Este hombre joven, Michael Perry, que parece todavía más joven de lo que es y que tiene un flequillo tieso sobre la frente y mira con la intensidad impúdica de un niño, será ejecutado exactamente dentro de diez días. Las dos paletas prominentes exageran su sonrisa y su risa fácil y le dan un aire de caricatura de dibujos animados. Su palidez malsana es la de quien desde hace mucho tiempo no conoce otra luz que los neones punitivos de una galería de condenados a muerte. Tiene veintiocho años, pero podría tener quince o dieciséis, dieciocho como máximo: como si se hubiera quedado en la edad que tenía cuando una noche de pastillas y alcohol fue con un cómplice a robar un coche deportivo rojo que a los dos les gustaba mucho en el garaje de una casa en una zona residencial de Tejas y acabó asesinando a tres personas: la dueña de la casa y del coche, su hijo de dieciséis años, un amigo de su hijo. Al cabo de menos de tres días de ir atolondradamente de un lado a otro en el reluciente coche rojo, y después de un tiroteo y de una huida insensata sobre el asfalto de una zona de descanso para camiones de gran tonelaje, Perry y su cómplice, Jason Burkett, fueron detenidos. En ningún momento hubo dudas sobre la culpabilidad de ninguno de los dos. Perry fue condenado a muerte. Burkett a cadena perpetua.

Perry es menudo, móvil, con una agitación de ardilla, más visible en el espacio hermético del locutorio donde responde a una entrevista, a través de una pantalla de plexiglás. Viste un mono de prisionero blanco y las paredes y los barrotes y la puerta con rejilla metálica del locutorio están pintadas de un blanco sucio de mugre y desconchones. Burkett es alto, serio, con una cabeza imponente, con ojos claros y lentos. Empezó a cumplir su condena con 19 años. Cuando recapacita que en el mejor de los casos podrá solicitar la libertad condicional dentro de cuarenta le cuesta hacer el cálculo de la edad que tendrá entonces. Cincuenta y nueve años, dice con incredulidad, mirando al vacío, abrumado por el peso de una duración inconcebible.

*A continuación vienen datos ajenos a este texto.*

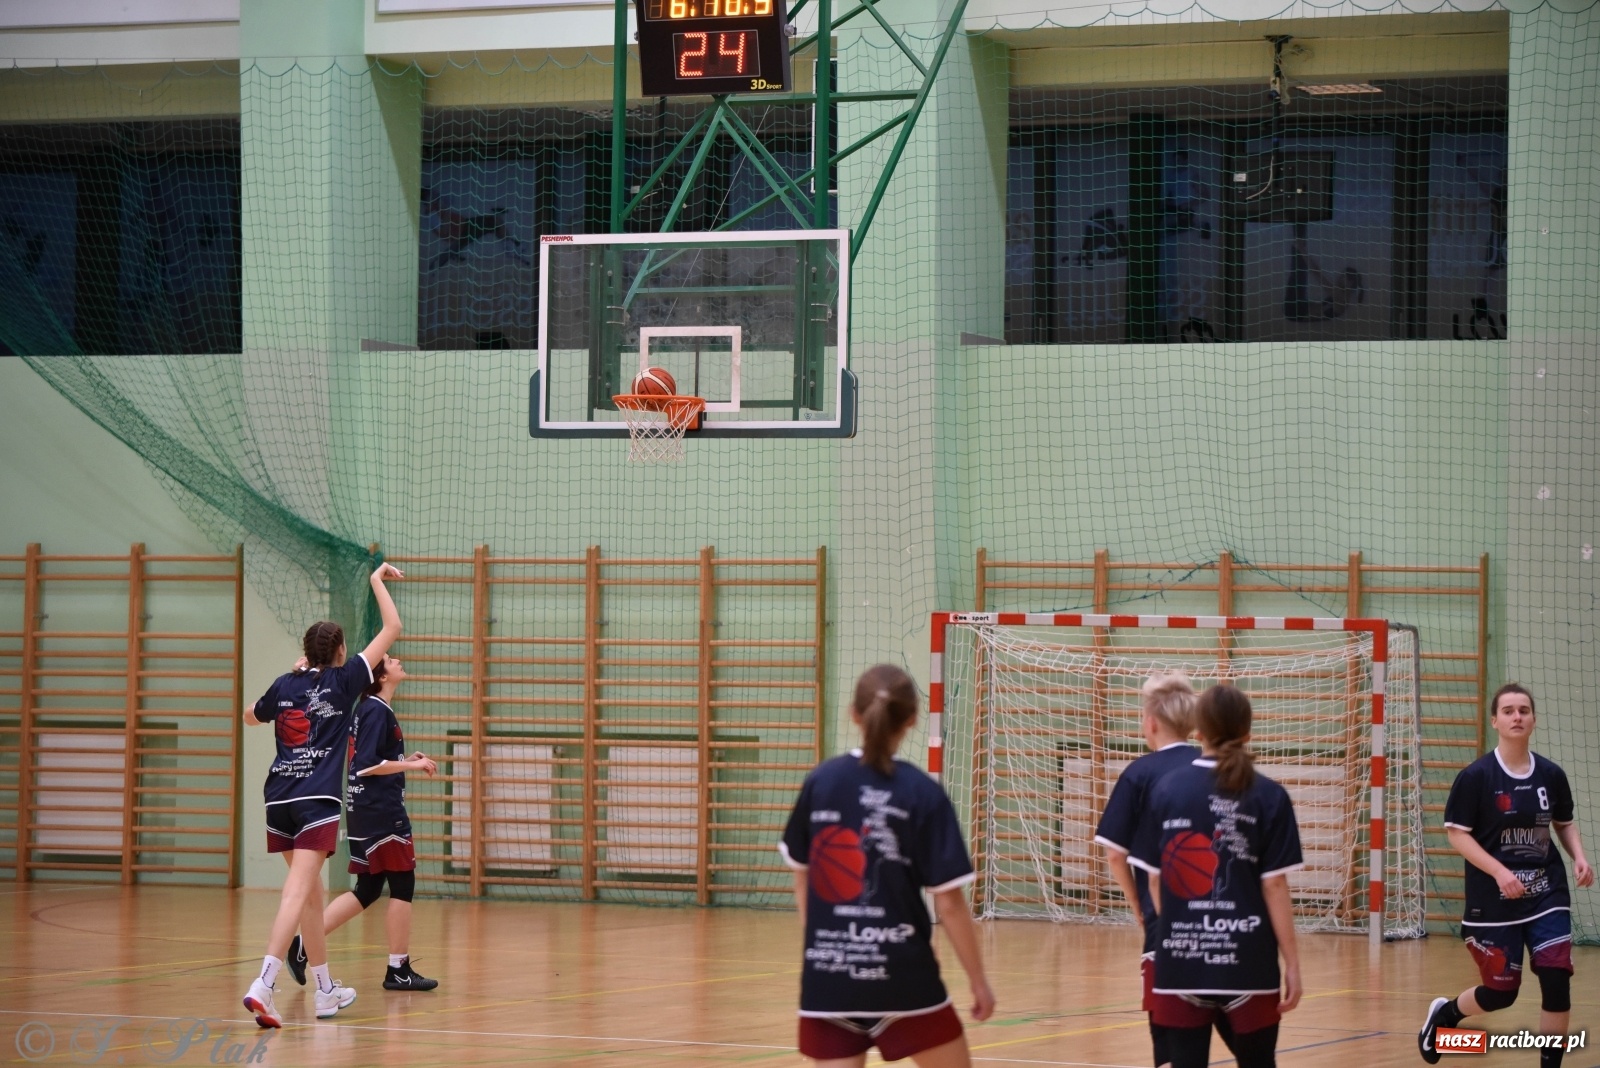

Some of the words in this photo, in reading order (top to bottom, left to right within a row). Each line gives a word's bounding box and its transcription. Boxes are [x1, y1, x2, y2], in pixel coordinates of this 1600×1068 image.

[679, 32, 746, 76] 24
[750, 79, 767, 90] 3D
[1537, 786, 1549, 811] 8
[1171, 921, 1194, 931] What
[1203, 914, 1261, 932] Love?
[848, 921, 916, 943] Love?
[1171, 931, 1190, 939] Love
[1200, 932, 1231, 941] playing
[1200, 942, 1223, 950] game
[1223, 941, 1238, 949] like
[1185, 951, 1204, 960] your
[1204, 951, 1240, 965] Last.
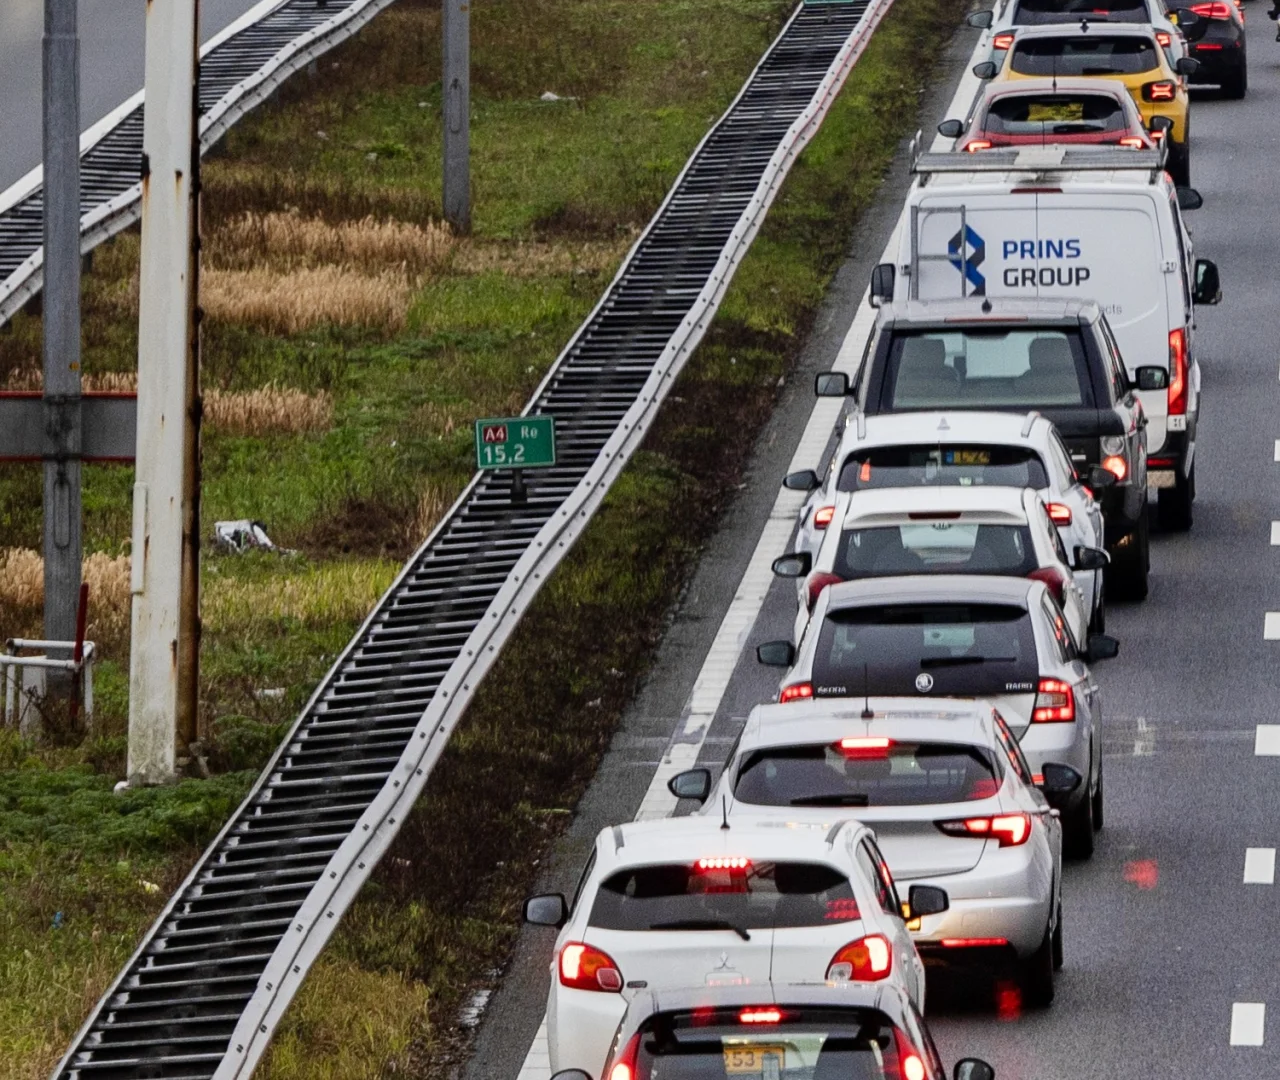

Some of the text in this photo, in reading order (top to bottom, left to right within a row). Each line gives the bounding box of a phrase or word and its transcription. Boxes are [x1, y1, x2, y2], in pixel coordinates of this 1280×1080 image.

[1003, 239, 1081, 260] PRINS
[1003, 267, 1091, 288] GROUP
[486, 425, 538, 442] A4 Re
[484, 444, 525, 465] 15,2

El interlocutor al que se dirigen permanece invisible para nosotros, aunque escuchamos su voz, que se expresa en un inglés muy correcto con acento alemán. Es la voz de Werner Herzog, que yo escuché en este mismo cine hace siete u ocho meses, en otro documental sobre las pinturas de la cueva de Chauvet, Cave of forgotten dreams. En él las linternas encendidas novelescamente sobre los cascos de espeleólogos alumbraban una oscuridad que se había mantenido intacta durante treinta mil años. El documental sobre Michael Perry y Jason Burkett y el torbellino de sangre que los dos desataron para robar un coche rojo se titula Into the abyss, y la negrura que explora es mucho más difícil de traspasar que la de una gruta prehistórica. La austeridad visual es máxima: una galería de personas que hablan mirando a la cámara o apartando los ojos de ella para romper en llanto o para quedarse ensimismadas; filmaciones de la policía tomadas en los lugares de los crímenes o en el lago en mitad de un bosque donde los asesinos arrojaron los cadáveres; paisajes de pobreza y desolación americanas tomados desde la ventanilla de un coche en marcha: gasolineras en ruinas, anuncios de iglesias apocalípticas junto a las carreteras, las redes de alambre espinoso de una prisión, viviendas en caravanas viejas rodeadas de basuras.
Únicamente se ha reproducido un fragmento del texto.